The present study examined whether the higher C content and the extended release of C and S from a CS2 catheter would prolong its antimicrobial activity and improve its efficacy in preventing catheter infections. The zones of inhibition against different microorganisms around CS2 catheters were slightly smaller than the zones of inhibition produced by the CS1 catheters. Yet, these small differences (maximum, 2.1 mm) are probably not clinically relevant (3), and the in vivo efficacies of the two catheters in the rabbit model were similar when S. aureus was inoculated immediately after the insertion of the catheter. The smaller zones of inhibition obtained at 24 h with the CS2 catheter, despite the higher C content and the same S content compared with those for the CS1 catheter, may be explained by a slower release of the antiseptics from the CS2 catheter.

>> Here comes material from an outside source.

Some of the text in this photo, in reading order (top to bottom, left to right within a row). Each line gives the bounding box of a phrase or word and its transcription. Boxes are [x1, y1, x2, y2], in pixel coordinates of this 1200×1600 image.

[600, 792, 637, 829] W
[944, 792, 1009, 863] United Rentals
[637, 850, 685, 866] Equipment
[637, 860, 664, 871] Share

However, the CS2 catheter had a much longer half-life of antimicrobial activity than the current CS1 catheter both in vitro (≥34 versus 6 days) and in vivo (≥7 versus 2 days), and the more prolonged activity of the CS2 catheter was associated with much greater efficacy than that of the CS1 catheter when S. aureus inoculation was delayed by 2 days. To our knowledge, this is the first time that extension of the duration of activity of an anti-infective coating has been shown to protect against bacteria whose inoculation was delayed. Interestingly, the protection conferred by the CS2 catheter 2 days after insertion was associated with a zone size of only 9 mm (Fig. (Fig.1).1). Previous studies with this animal model with S. aureus inoculation at the time of catheter insertion have suggested that zones sizes of ≥18 mm are required to confer 100% protection against infection (3). Conversely, other studies with this model have shown that infections are harder to produce by delayed inoculation and require larger inocula (12, 13). It therefore seems consistent that a smaller amount of anti-infective activity may be required to prevent such infections than infections caused by inoculation of bacteria at the time of catheter insertion.

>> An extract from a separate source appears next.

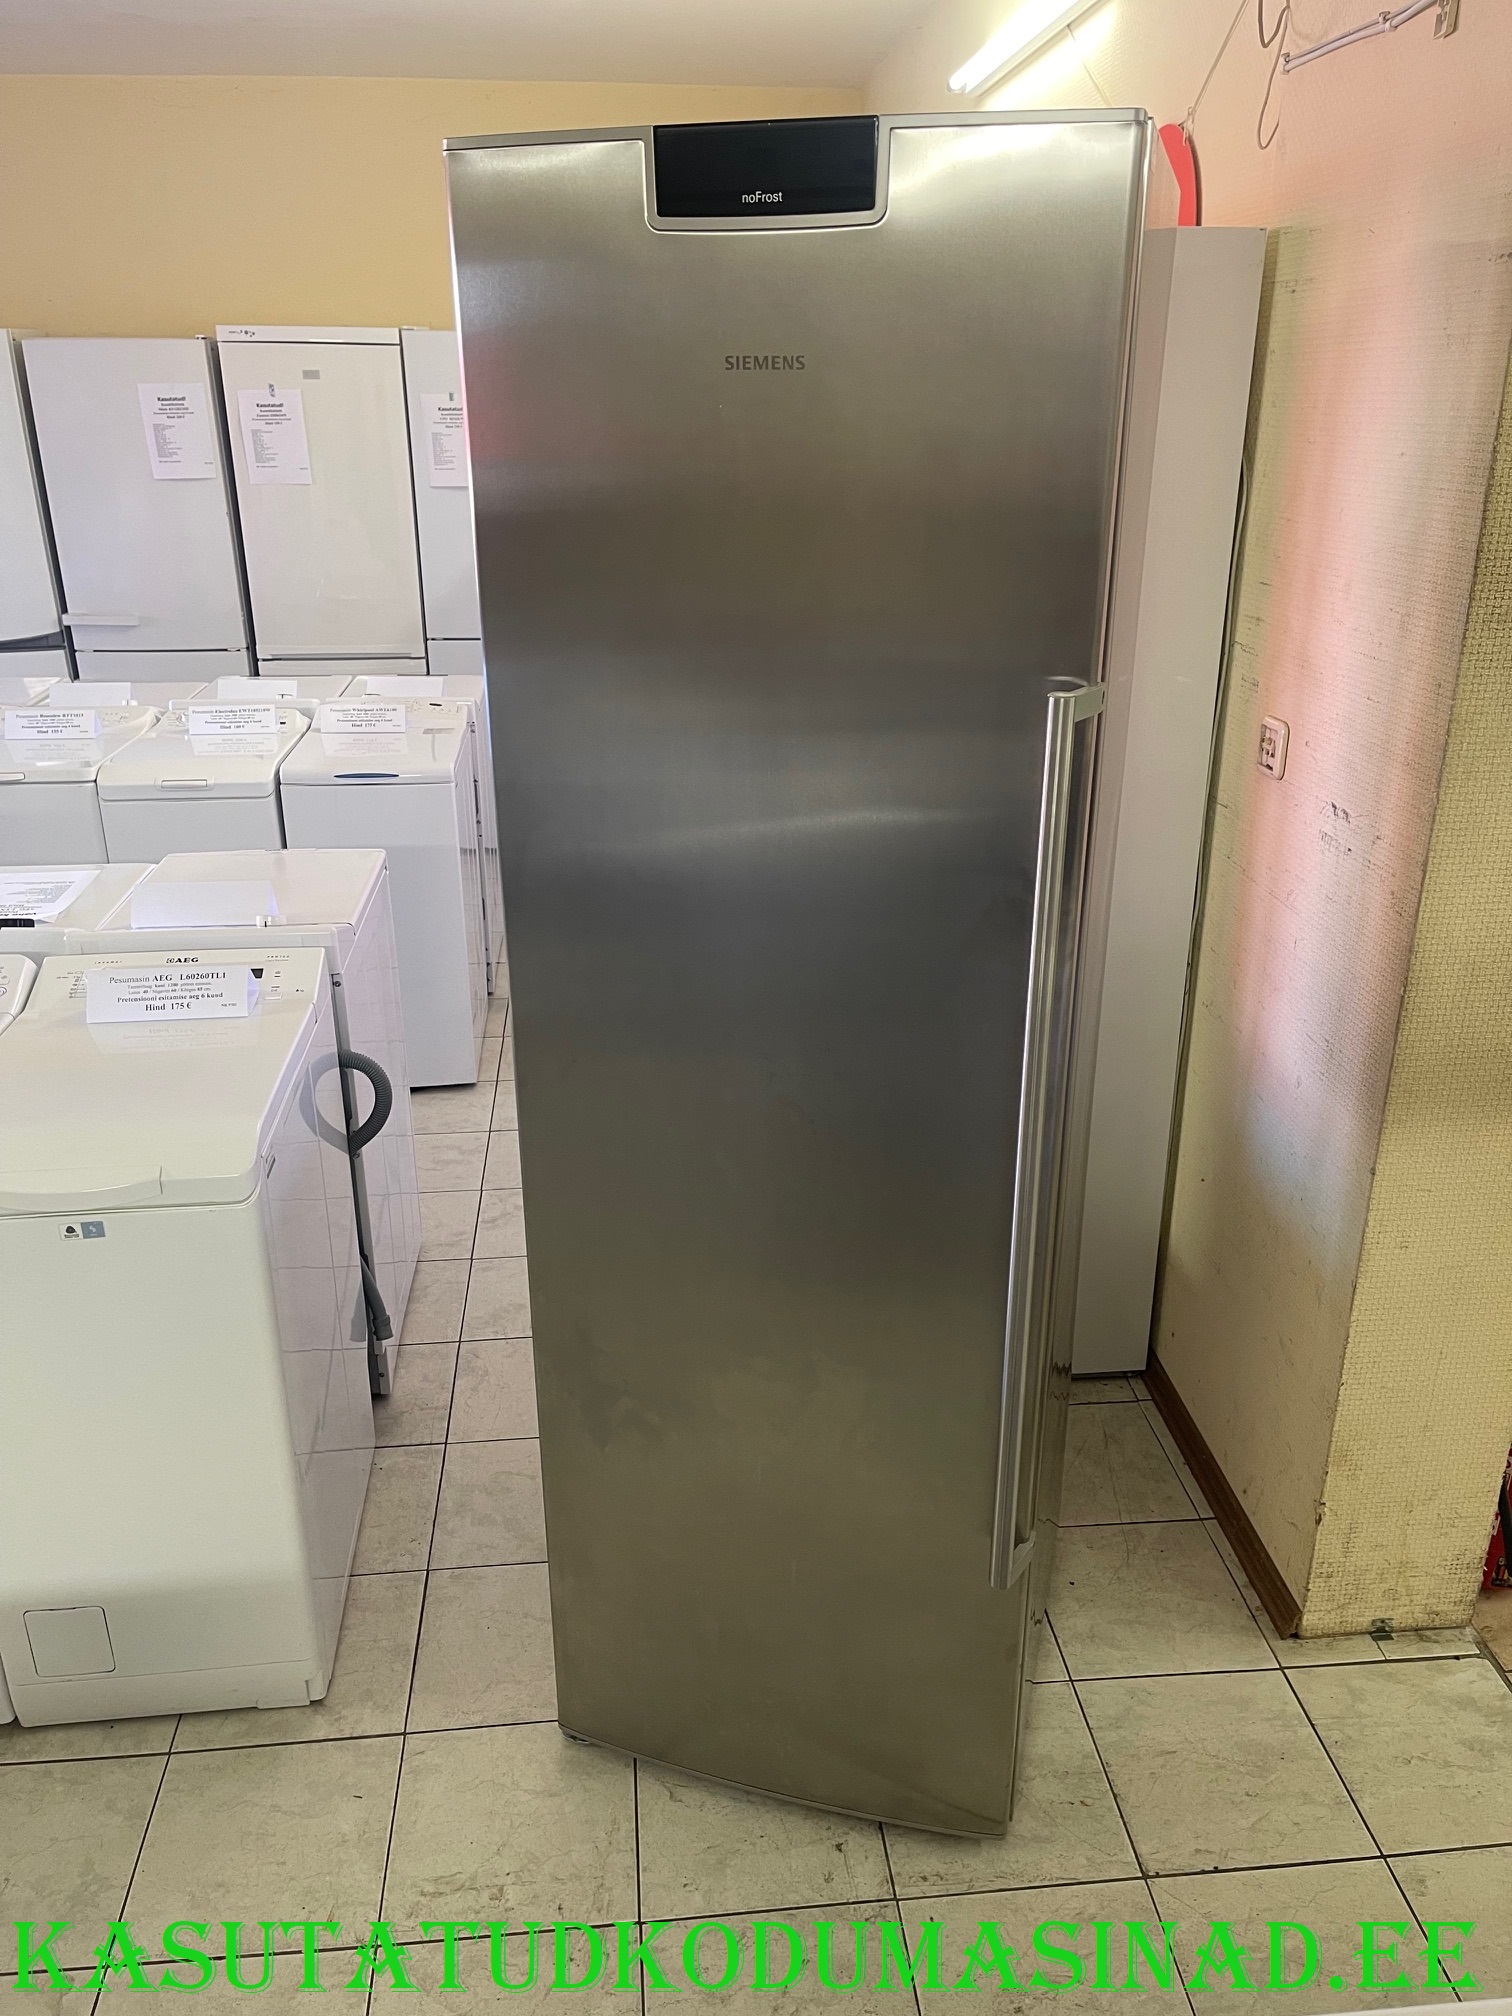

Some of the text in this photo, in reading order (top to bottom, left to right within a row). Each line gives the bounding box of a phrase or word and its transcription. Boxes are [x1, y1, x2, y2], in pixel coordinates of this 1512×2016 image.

[741, 191, 783, 204] noFrost
[724, 355, 806, 371] SIEMENS
[109, 972, 226, 984] Pesumasin AEG L60260TL1
[145, 1002, 192, 1011] Hind 175 €

Catheter segments inserted into the agar vertically produced slightly smaller, circular zones of inhibition, while horizontally inserted segments produced slightly larger, elliptic zones. This is probably because the different positions of the segments and the different distances of the segments from the bottom of the plate change the dynamics of diffusion of the antiseptics into the agar (1).
In conclusion, the present study shows that prolonged anti-infective activity on the external catheter surface provides improved efficacy in preventing infections. The use of a new CS catheter (the CS2 catheter) with a larger amount of C and an extended release of the surface-bound antimicrobials is likely to further reduce the rate of catheter-related infections, especially if it is combined with antimicrobial protection of the catheter lumen and hub. Further studies are necessary to see how the efficacy of the CS2 catheter compares with those of other existing anti-infective catheters.
This work was supported in part by Arrow International, Inc. S. Bassetti was supported by a grant from the Swiss National Science Foundation.